Should it be Cairo?

Supposedly, Obama wants to give_a_speech  in an Islamic capital during his first 100 days:

See? It’s got to be Cairo. Egypt is perfect. It’s certainly Muslim enough, populous enough and relevant enough. It’s an American ally, but there are enough tensions in the relationship that the choice will feel bold. The country has plenty of democracy problems, so Mr. Obama can speak directly to the need for a better democratic model there. It has got the Muslim Brotherhood, the Islamist organization that has been embraced by a wide spectrum of the Islamic world, including the disenfranchised and the disaffected.

Comments
1) I agree that if the idea is to repair US-Muslim relations than the speech has to be in a city that is seen as having some Islamic relevance but also matters politically.  Cairo is one of the few that fits that requirement. 
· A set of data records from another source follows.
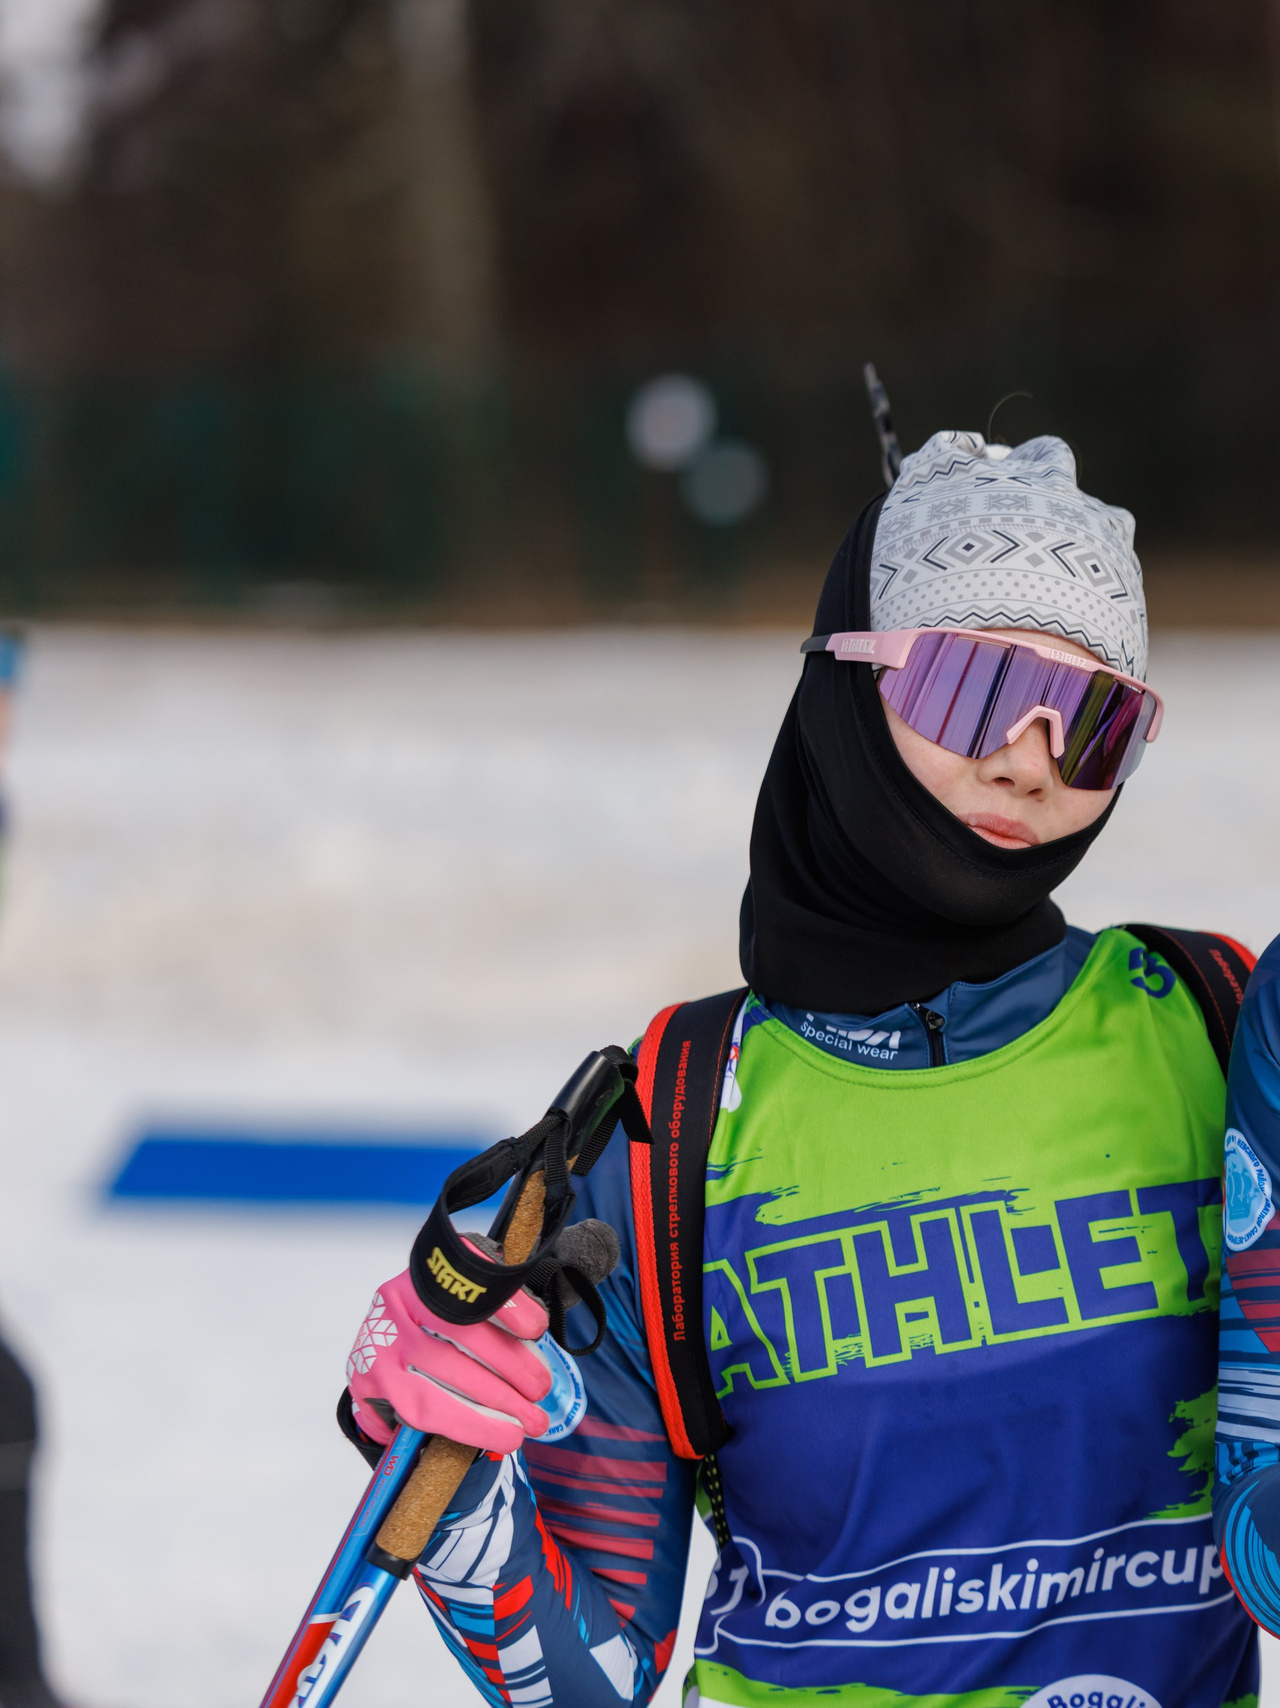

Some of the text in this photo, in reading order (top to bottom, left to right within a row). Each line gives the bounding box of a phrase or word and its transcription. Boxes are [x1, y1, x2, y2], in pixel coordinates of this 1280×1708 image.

[800, 1021, 853, 1051] special
[857, 1043, 898, 1060] wear
[669, 1040, 692, 1341] Лаборатория стрелкового оборудования
[426, 1246, 488, 1304] START
[764, 1542, 1223, 1633] bogaliskimircup
2) On the other hand, its unclear whether, politically, Egyptians, from both the regime and the opposition would actually want the US President to visit.  US-Egypt relations is very sensitive and I suspect, though few would say it explicitly, most parties would rather avoid having the US President visit.  There is a reason the US President hasn’t visited Cairo since….. when?  Did Clinton ever actually visit Cairo?  Was Jimmy Carter the last?  And no visiting the isolated conference center at Sharm Al-Shaikh doesn’t count as visiting Egypt.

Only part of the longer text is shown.